:: What the task asks ::
If a record holds a picture, leave the picture out; return everything else exactly.

Segment Start: Data for this exercise

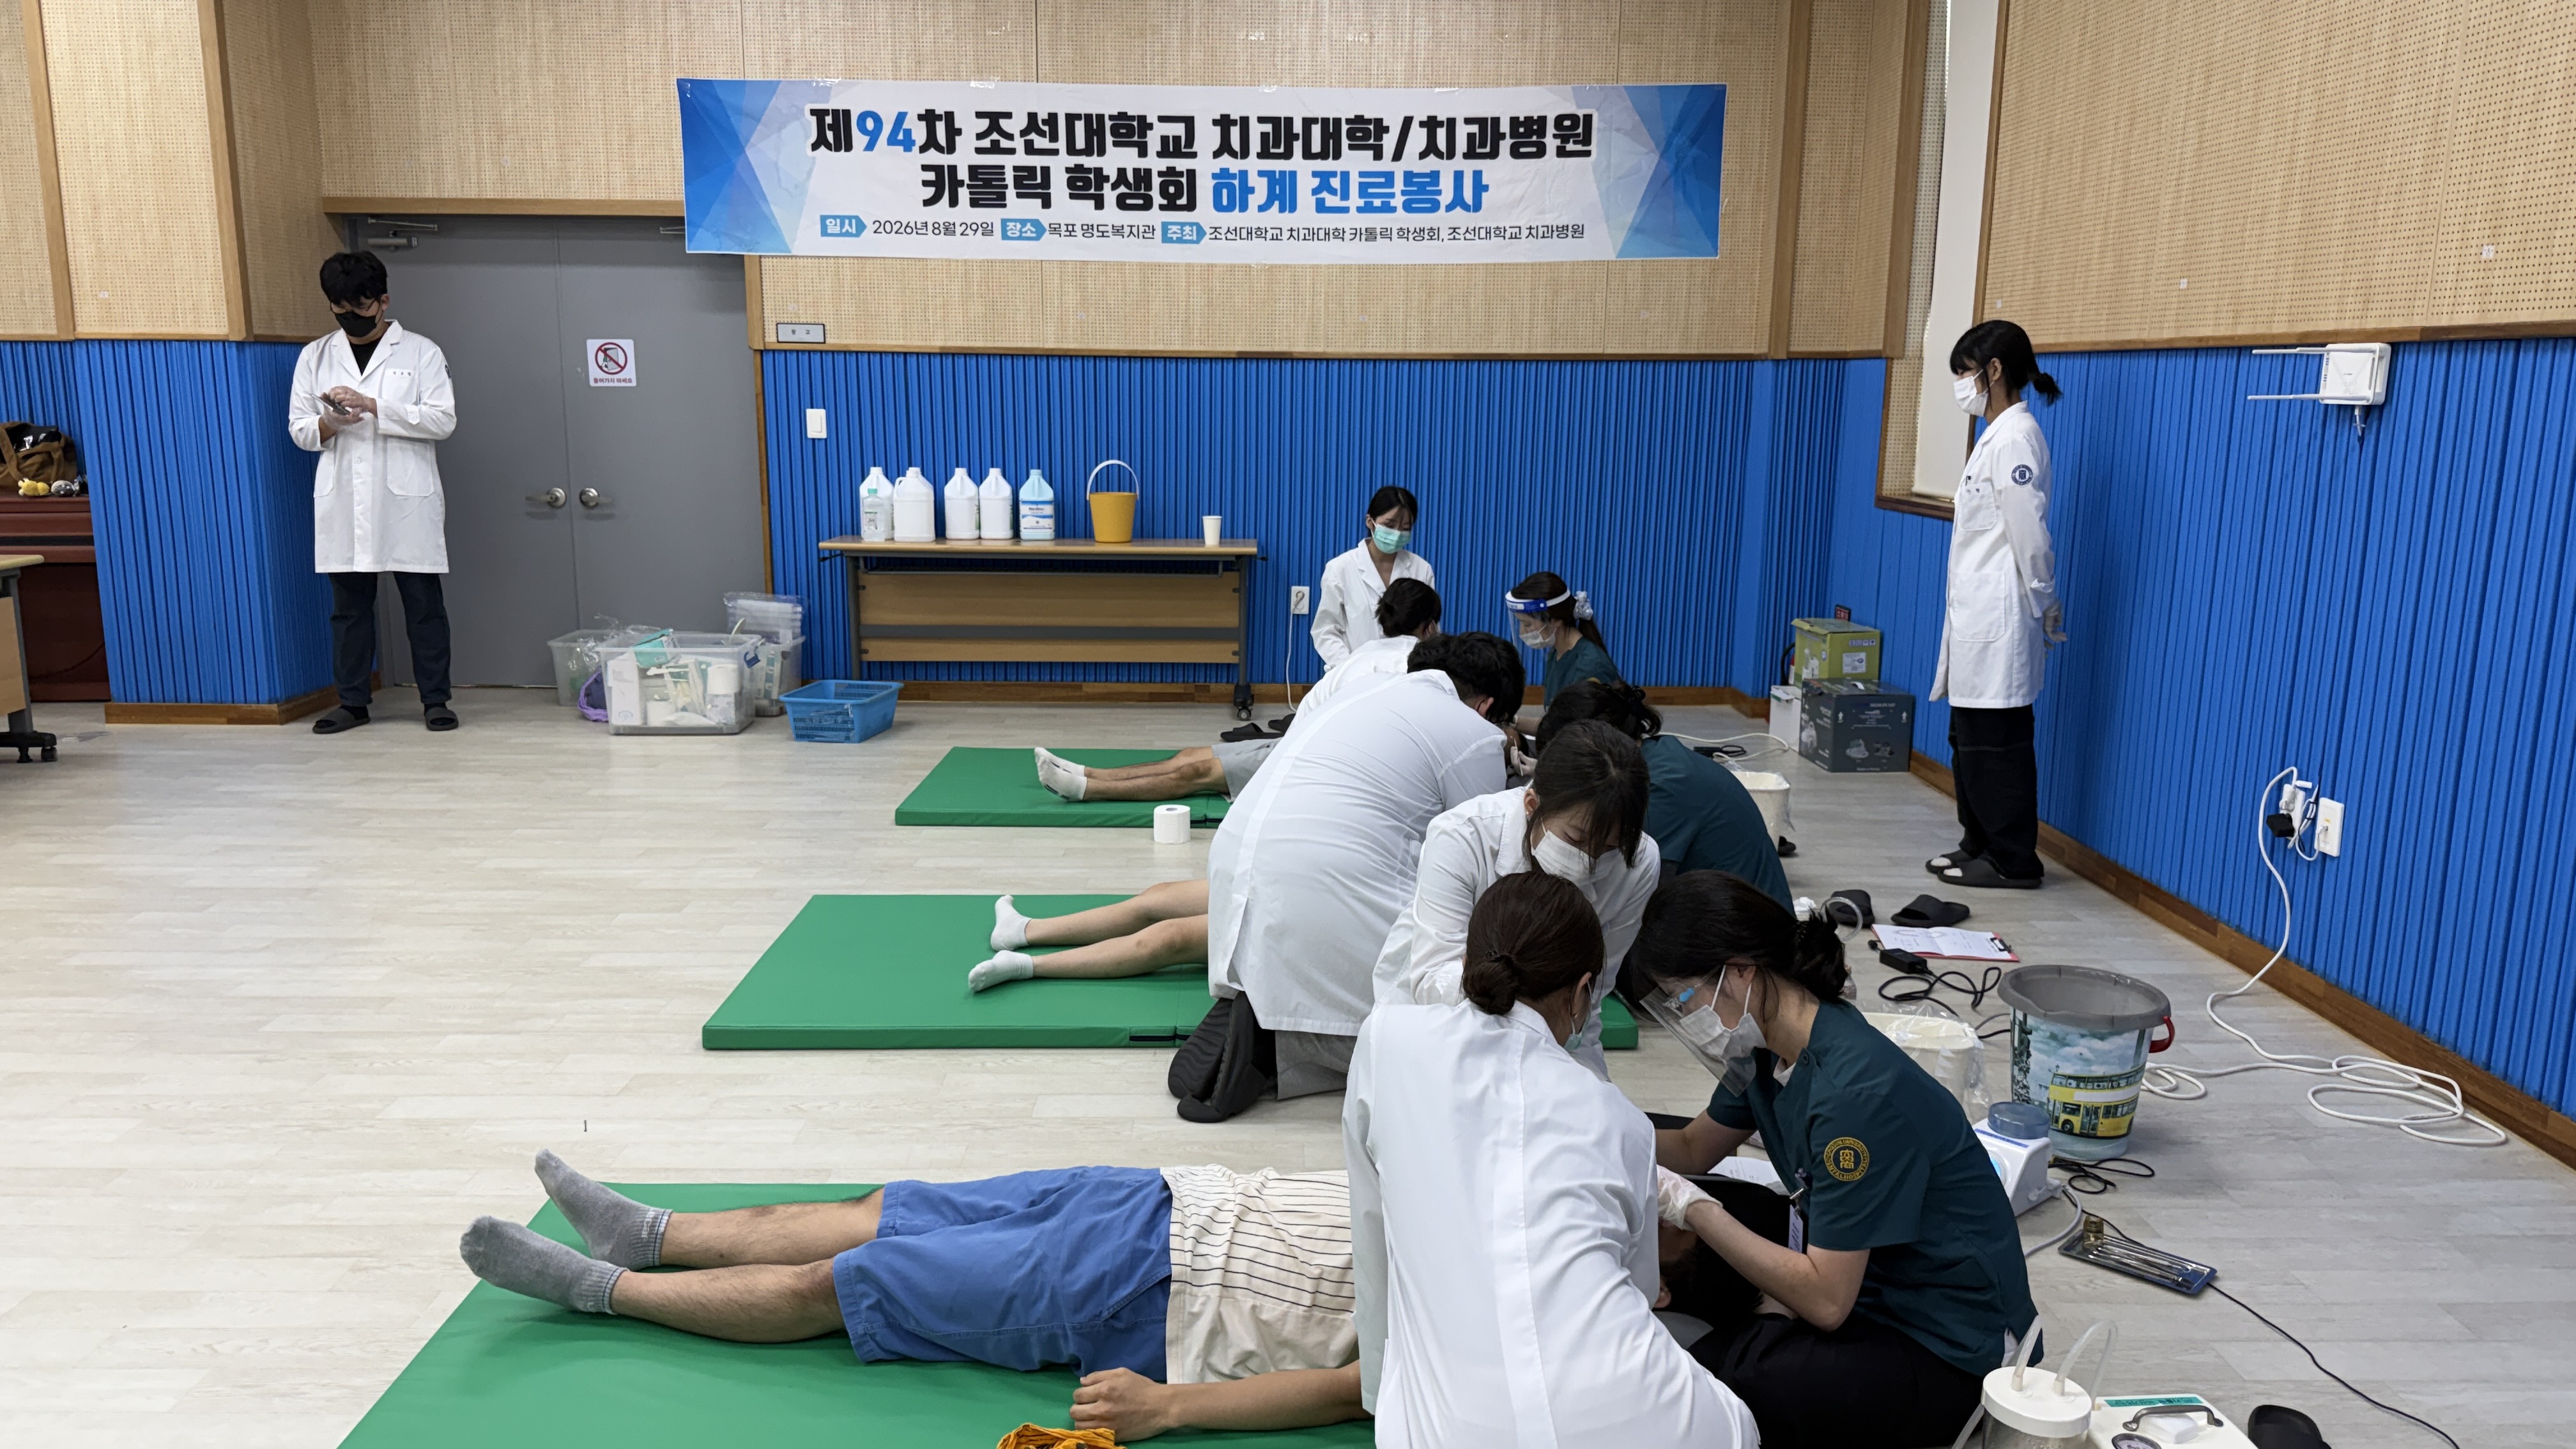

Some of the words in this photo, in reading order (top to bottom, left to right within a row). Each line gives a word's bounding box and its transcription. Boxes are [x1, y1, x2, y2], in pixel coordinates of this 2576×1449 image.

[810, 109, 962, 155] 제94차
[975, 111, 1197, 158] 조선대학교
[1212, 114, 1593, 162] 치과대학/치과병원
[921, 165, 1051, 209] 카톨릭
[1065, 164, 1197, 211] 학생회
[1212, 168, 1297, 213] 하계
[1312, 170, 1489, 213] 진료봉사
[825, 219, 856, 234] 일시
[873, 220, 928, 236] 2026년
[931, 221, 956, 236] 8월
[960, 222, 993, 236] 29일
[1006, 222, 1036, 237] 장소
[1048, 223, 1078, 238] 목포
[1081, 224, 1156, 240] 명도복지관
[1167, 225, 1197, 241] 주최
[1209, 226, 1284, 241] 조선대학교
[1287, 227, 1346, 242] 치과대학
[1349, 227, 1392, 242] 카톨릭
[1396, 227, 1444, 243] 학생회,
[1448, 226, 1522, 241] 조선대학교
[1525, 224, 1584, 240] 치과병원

Segment End: Data for this exercise

:: Response box ::
Some of the words in this photo, in reading order (top to bottom, left to right within a row). Each line gives a word's bounding box and its transcription. Boxes are [x1, y1, x2, y2], in pixel coordinates of this 2576×1449 image.

[810, 109, 962, 155] 제94차
[975, 111, 1197, 158] 조선대학교
[1212, 114, 1593, 162] 치과대학/치과병원
[921, 165, 1051, 209] 카톨릭
[1065, 164, 1197, 211] 학생회
[1212, 168, 1297, 213] 하계
[1312, 170, 1489, 213] 진료봉사
[825, 219, 856, 234] 일시
[873, 220, 928, 236] 2026년
[931, 221, 956, 236] 8월
[960, 222, 993, 236] 29일
[1006, 222, 1036, 237] 장소
[1048, 223, 1078, 238] 목포
[1081, 224, 1156, 240] 명도복지관
[1167, 225, 1197, 241] 주최
[1209, 226, 1284, 241] 조선대학교
[1287, 227, 1346, 242] 치과대학
[1349, 227, 1392, 242] 카톨릭
[1396, 227, 1444, 243] 학생회,
[1448, 226, 1522, 241] 조선대학교
[1525, 224, 1584, 240] 치과병원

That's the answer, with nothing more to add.